Dans la voiture, Artyom alluma la radio par habitude, évitant la conversation. Son téléphone vibra silencieusement. Julia remarqua comment son mari jeta un coup d’œil rapide à l’écran et sourit légèrement avant de ranger le téléphone dans sa poche. Ce sourire fugace la piqua au cœur — quand Artyom avait-il souri comme ça aux messages qu’elle lui envoyait ?

Nina Petrovna les attendait sur le seuil de son appartement. Grande et élégante dans un costume de soirée impeccable, elle paraissait toujours plus jeune que ses soixante ans.

— Artyomushka ! — la belle-mère prit son fils dans ses bras comme s’il ne l’avait pas vue depuis une éternité, alors qu’ils s’étaient vus il y a trois jours. — Comme c’est bien que tu sois arrivé plus tôt, tu vas m’aider à installer les tables.

Julia franchit le seuil, portant une boîte de gâteau qu’elle avait cuisinée pendant des heures.

— Bonjour, Nina Petrovna.

— Ah, Julia, — la belle-mère jeta un coup d’œil à peine furtif à sa belle-fille. — Mets le gâteau dans la cuisine et aide Tamara Alexandrovna avec les salades.

Dans la cuisine, la sœur de la belle-mère, Tamara Alexandrovna, s’affairait déjà à couper des légumes pour une autre salade. Julia se mit à l’aider, écoutant d’une oreille le conversation dans le salon. La voix de Nina Petrovna était étouffée mais clairement audible :

— Sonetchka, ma chère, je suis tellement heureuse que tu aies pu venir ! Artyom, regarde qui est venu !

Julia se figea en serrant le couteau de découpe des concombres dans sa main.

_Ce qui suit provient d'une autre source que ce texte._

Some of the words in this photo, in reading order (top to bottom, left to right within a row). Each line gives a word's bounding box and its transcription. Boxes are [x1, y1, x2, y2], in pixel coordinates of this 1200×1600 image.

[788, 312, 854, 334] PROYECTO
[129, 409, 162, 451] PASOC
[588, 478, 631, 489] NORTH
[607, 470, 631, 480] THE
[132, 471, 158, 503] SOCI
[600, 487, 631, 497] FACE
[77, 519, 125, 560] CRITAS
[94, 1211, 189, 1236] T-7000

Sofia était la première petite amie d’Artyom, ils étaient ensemble à l’université. Nina Petrovna n’avait jamais caché qu’elle pensait que Sofia était la compagne idéale pour son fils — belle, issue d’une famille aisée, avec une excellente éducation.

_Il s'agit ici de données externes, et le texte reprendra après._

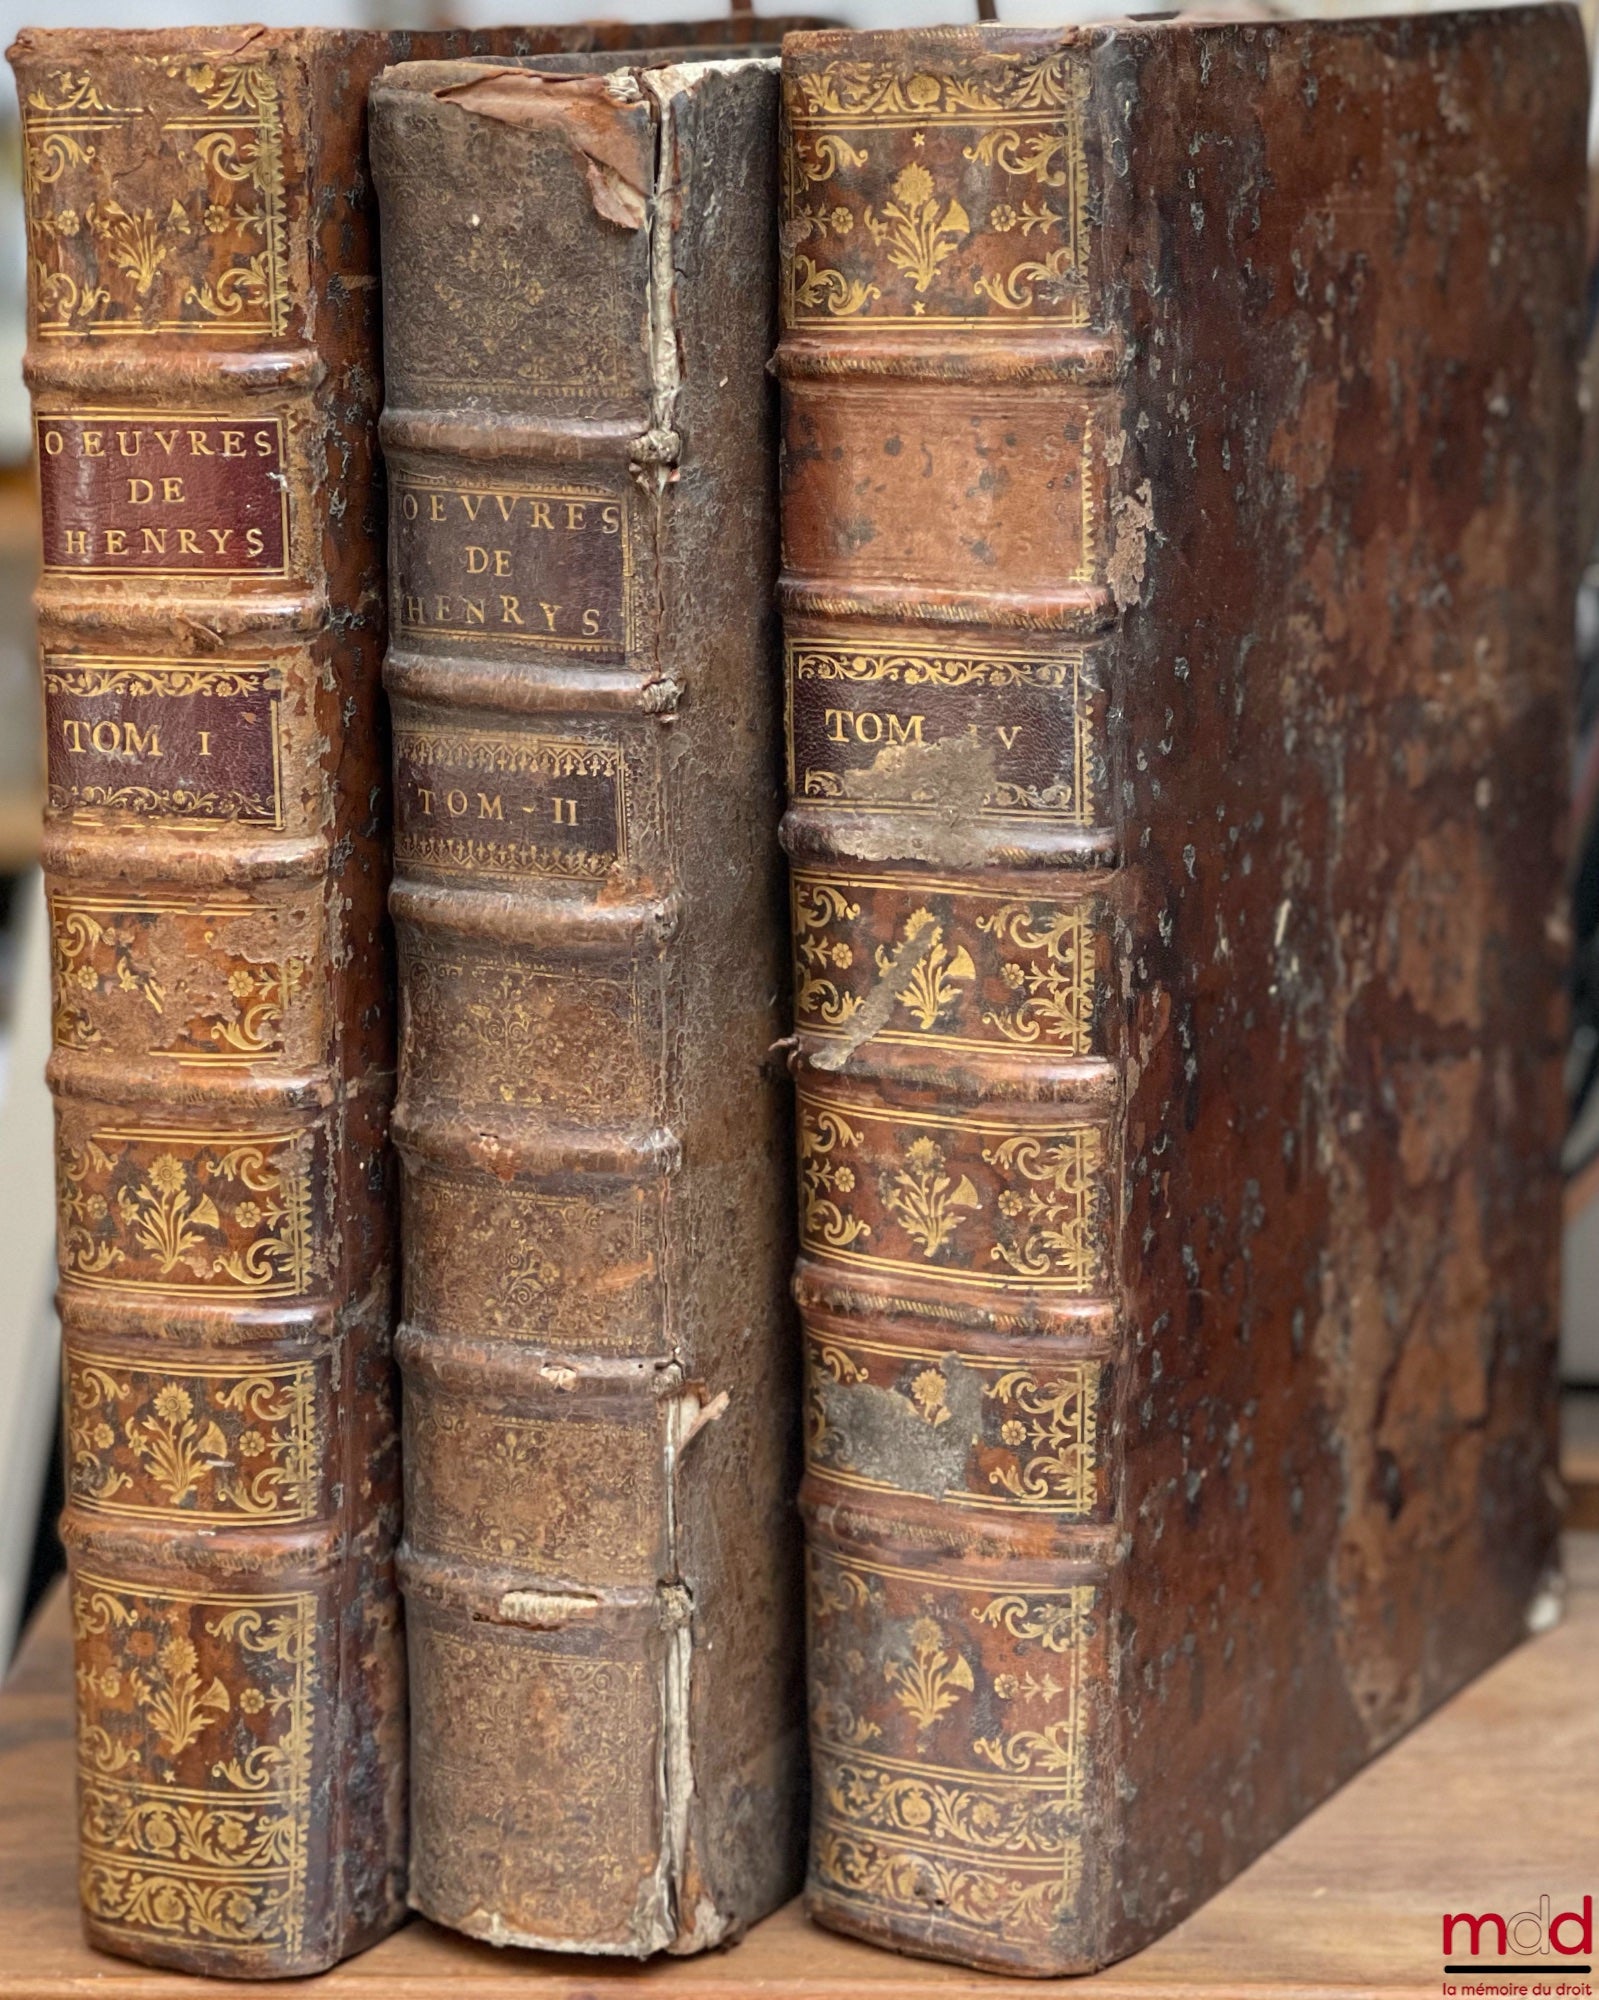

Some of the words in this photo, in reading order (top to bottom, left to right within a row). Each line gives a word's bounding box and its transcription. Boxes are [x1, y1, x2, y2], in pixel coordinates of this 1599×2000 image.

[44, 429, 274, 458] OEUVRES
[128, 477, 185, 504] DE
[402, 493, 620, 535] OEVVRES
[65, 527, 265, 558] HENRYS
[466, 546, 513, 577] DE
[406, 595, 600, 636] HENRYS
[63, 719, 163, 757] TOM
[199, 731, 212, 755] I
[825, 708, 925, 746] TOM
[417, 788, 505, 821] TOM
[551, 797, 579, 827] II

— Salut, Artyom, — la voix de Sofia était douce, avec cette intonation particulière qu’on retrouve entre de vieux amis. — Ça fait des siècles qu’on ne s’est pas vus.

— Sonia ? Quelle surprise !

Julia entendit son mari se réjouir sincèrement. Quand avait-il été aussi heureux de la voir, elle, entrer ?

— Je n’ai pas voulu te prévenir, — dit la voix de Nina Petrovna, pleine d’une jubilation mal dissimulée. — Je voulais faire une surprise à tout le monde. Sofia est récemment revenue de France, où elle a travaillé dans une grande entreprise. Maintenant, elle va vivre dans notre ville.

 

— Vraiment ? — la voix d’Artyom prit des intonations que Julia ne lui connaissait pas. — Pour longtemps ?

— Pour toujours, — répondit Sofia. — J’ai obtenu le poste de directrice financière dans la filiale russe. D’ailleurs, on a des postes ouverts… Tu es toujours dans la vente ?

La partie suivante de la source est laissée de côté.